• _Work order_
Images are not part of the copy; write out the rest of the data exactly as given.

Saved data entries
⟨
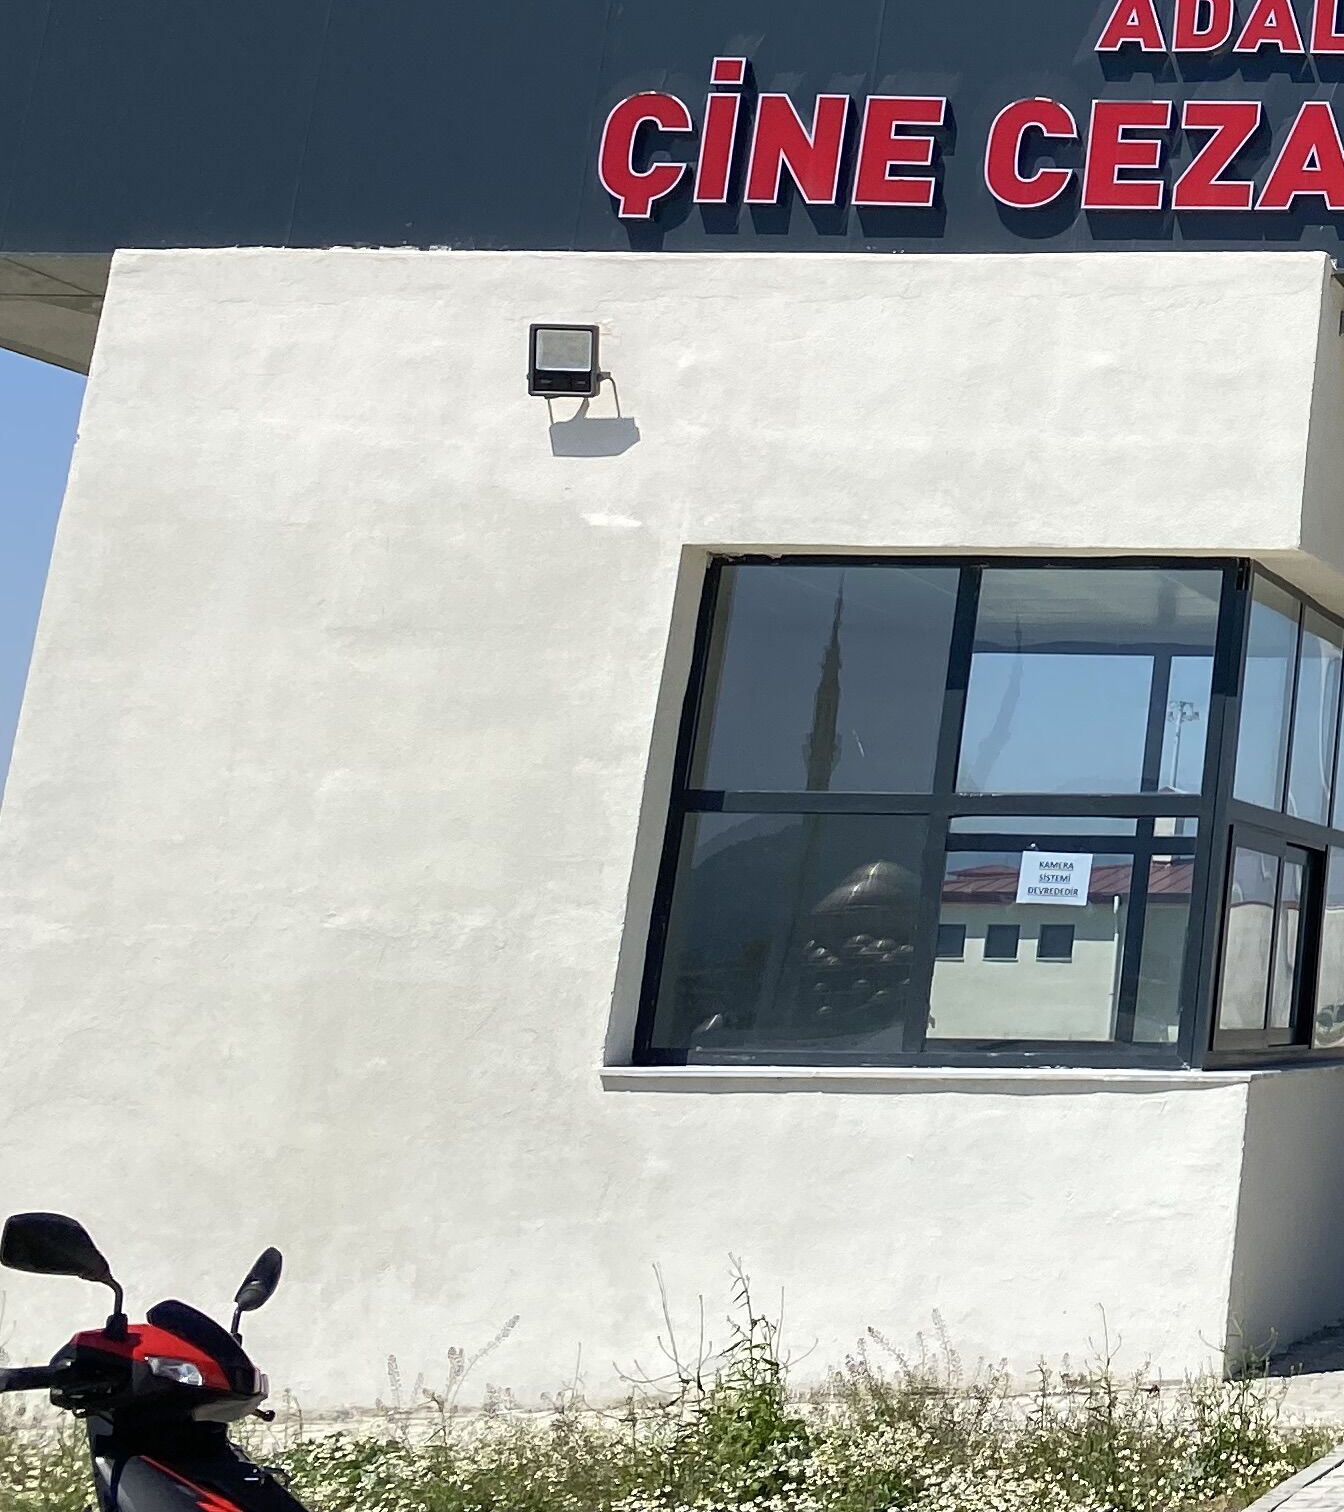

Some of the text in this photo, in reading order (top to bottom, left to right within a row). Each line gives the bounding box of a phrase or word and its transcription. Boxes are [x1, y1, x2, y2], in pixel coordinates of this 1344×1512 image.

[598, 56, 947, 219] ÇİNE
[1039, 861, 1074, 870] KAMERA
[1039, 873, 1071, 883] SİSTEMİ
[1027, 886, 1079, 896] DEVREDEDİR
⟩
• _Written response_
Some of the text in this photo, in reading order (top to bottom, left to right within a row). Each line gives the bounding box of a phrase or word and its transcription. Boxes are [x1, y1, x2, y2], in pixel coordinates of this 1344×1512 image.

[598, 56, 947, 219] ÇİNE
[1039, 861, 1074, 870] KAMERA
[1039, 873, 1071, 883] SİSTEMİ
[1027, 886, 1079, 896] DEVREDEDİR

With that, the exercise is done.